FLOOD INUNDATION EXTRACTION BASED ON DECISION-LEVEL DATA FUSION: A CASE IN PERU
Keywords: flood, flood inundation extraction, deep learning, decision-level data fusion
Abstract. Every year, millions of people affected and huge property losses by floods were recorded in many parts of the world. Accurately flood inundated areas extraction is essential for disaster reduction. Existed studies have used multi-spectral (MS) data and synthetic-aperture radar (SAR) data or the fusion data to extract flood inundated areas. However, most data fusion methods think less about regional difference and the complementarities between different models.
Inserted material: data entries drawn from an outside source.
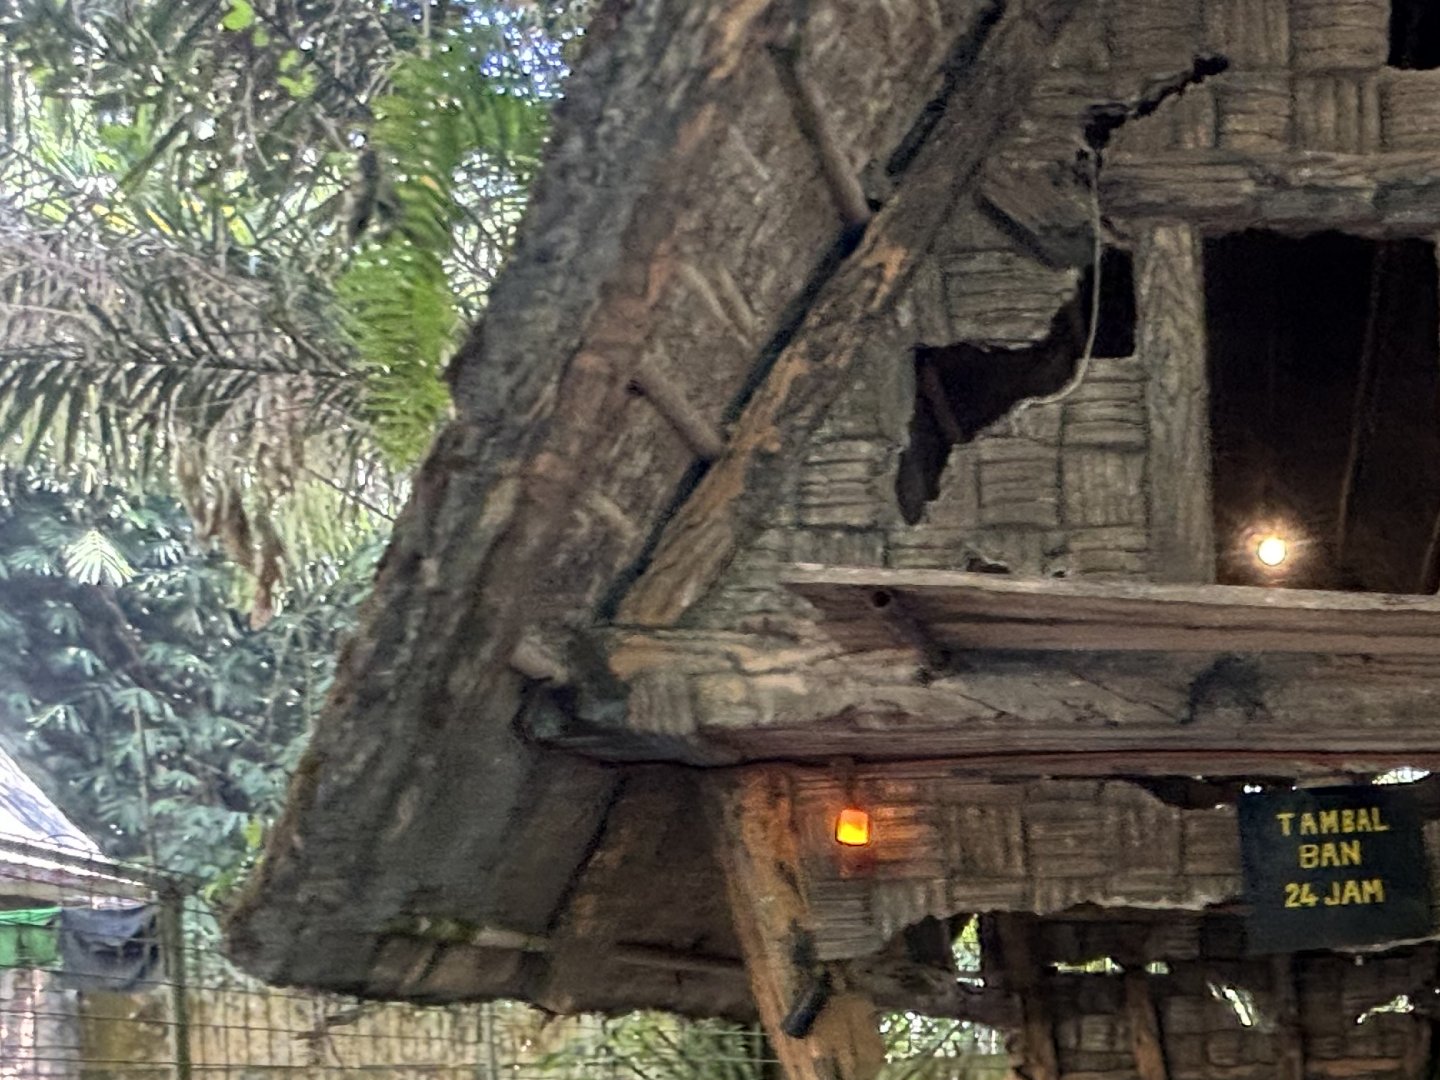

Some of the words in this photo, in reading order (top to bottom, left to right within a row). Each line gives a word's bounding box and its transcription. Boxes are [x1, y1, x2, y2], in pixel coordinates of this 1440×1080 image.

[1275, 807, 1390, 837] TAMBAL
[1299, 839, 1361, 869] BAN
[1284, 882, 1319, 908] 24
[1323, 878, 1385, 906] JAM
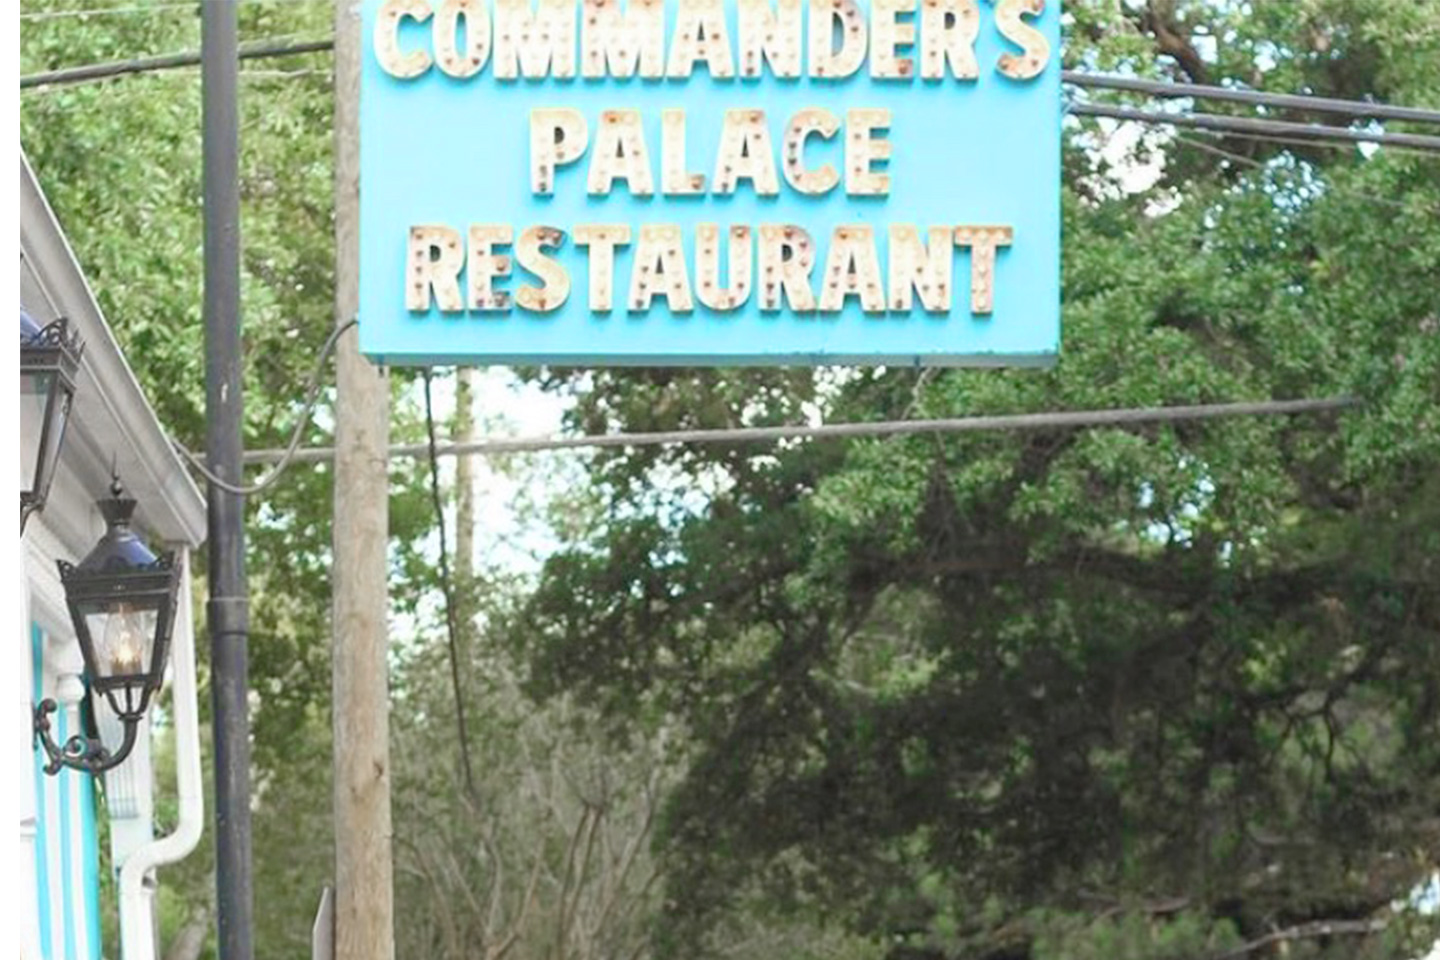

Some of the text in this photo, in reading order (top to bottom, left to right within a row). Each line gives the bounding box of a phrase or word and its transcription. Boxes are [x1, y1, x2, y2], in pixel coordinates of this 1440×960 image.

This study explores a new decision-level data fusion method, which pays more attention to the complementarities between models. First, we construct models trained by diverse bands of Sentinel- 1/2 and water indices. Then, divide the whole study area into three parts, cloud-free & non-water area, cloud-free & flood area and cloud area, and select the models suitable for the three areas. Third, combine water extents extracted by selected models with decision tree to obtain water extents before and after disaster. Finally, subtract the water extent before disaster from the water extent after disaster to get flood inundated areas. The experiments in Peru indicated that our method increases the Intersection over Union (IoU) of water extraction to 0.69. Moreover, our method successfully reduces the impact of cloud and shadow owing to the fusion of different features.